Record extracts =
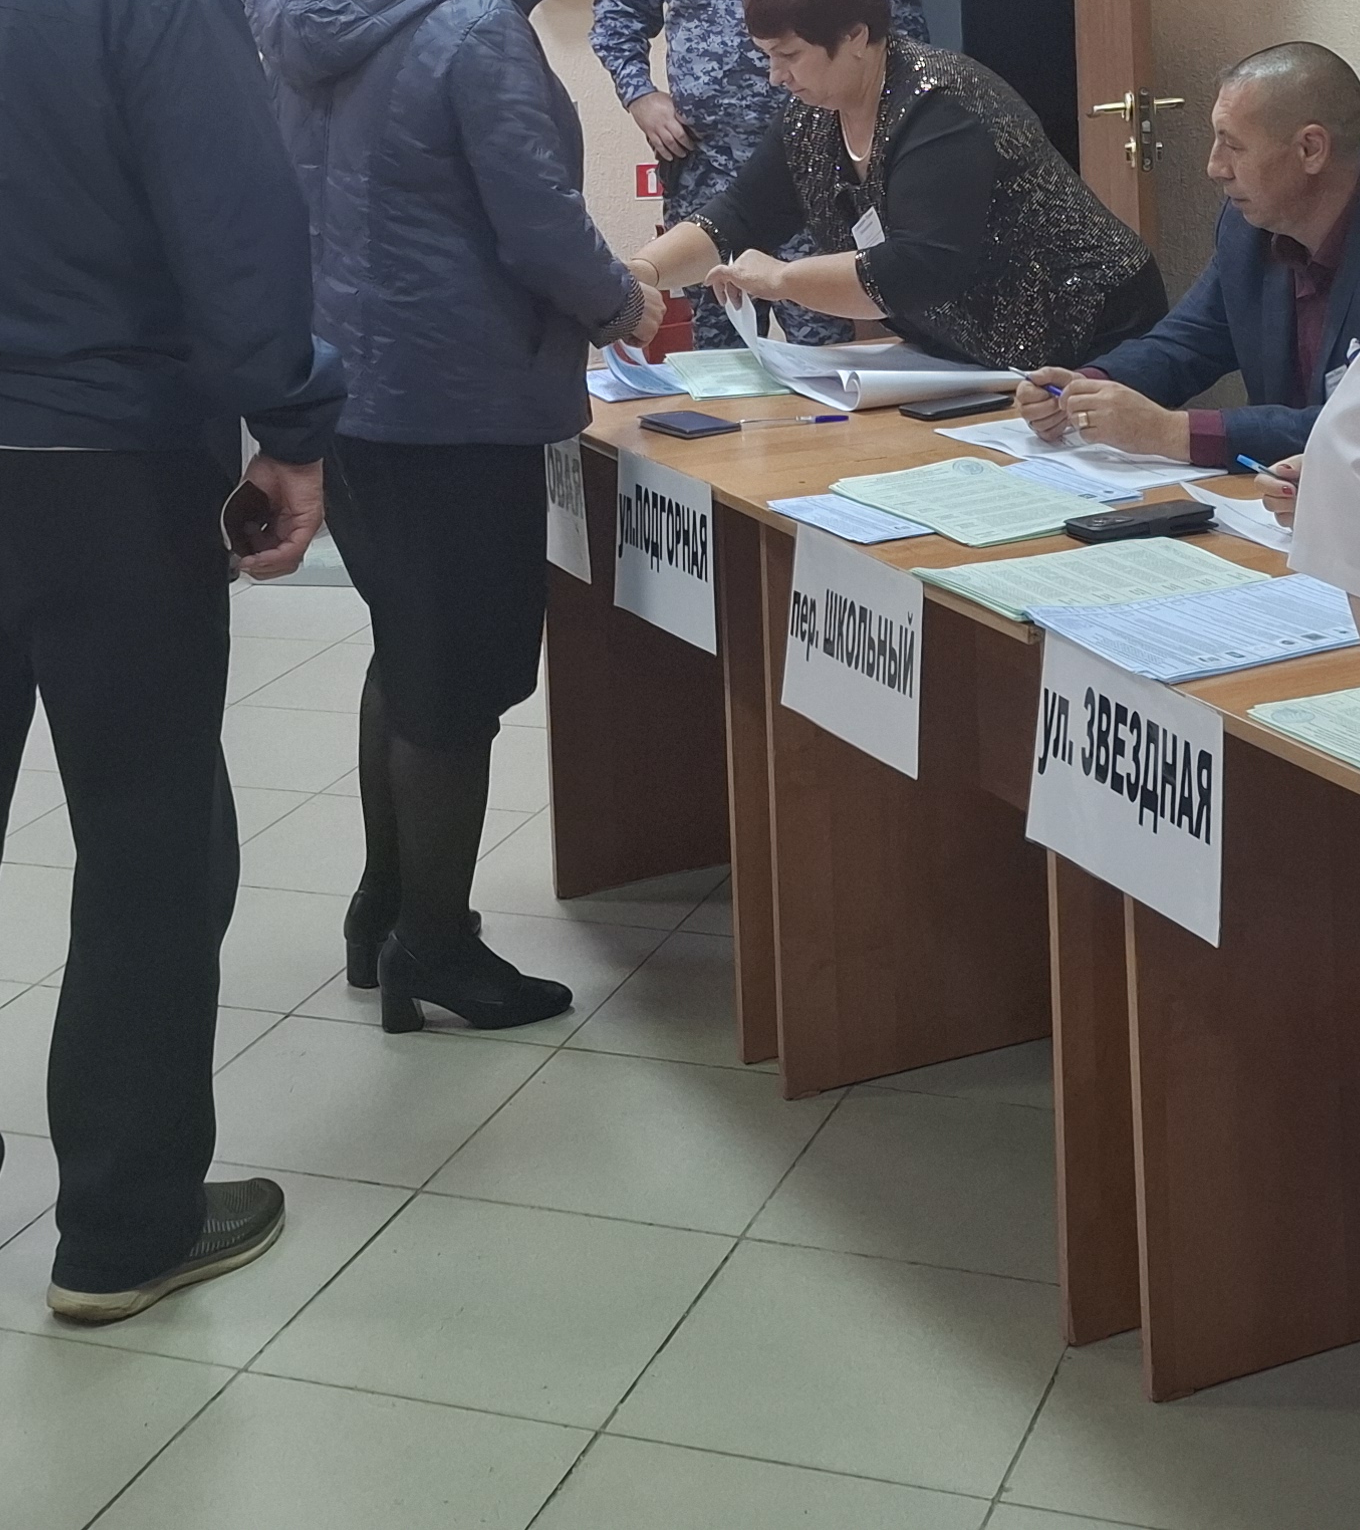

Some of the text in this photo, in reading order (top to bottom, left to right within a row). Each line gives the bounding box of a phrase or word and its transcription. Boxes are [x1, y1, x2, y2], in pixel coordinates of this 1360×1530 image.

[546, 444, 585, 521] ОВАЯ
[790, 588, 915, 699] пер. ШКОЛЬНЫЙ
[1038, 687, 1074, 775] ул.
[1081, 686, 1213, 845] ЗВЕЗДНАЯ

Your instructions = What is wanted is a word-for-word restatement of the entries, without their images.

Written answer =
Some of the text in this photo, in reading order (top to bottom, left to right within a row). Each line gives the bounding box of a phrase or word and its transcription. Boxes are [x1, y1, x2, y2], in pixel coordinates of this 1360×1530 image.

[546, 444, 585, 521] ОВАЯ
[790, 588, 915, 699] пер. ШКОЛЬНЫЙ
[1038, 687, 1074, 775] ул.
[1081, 686, 1213, 845] ЗВЕЗДНАЯ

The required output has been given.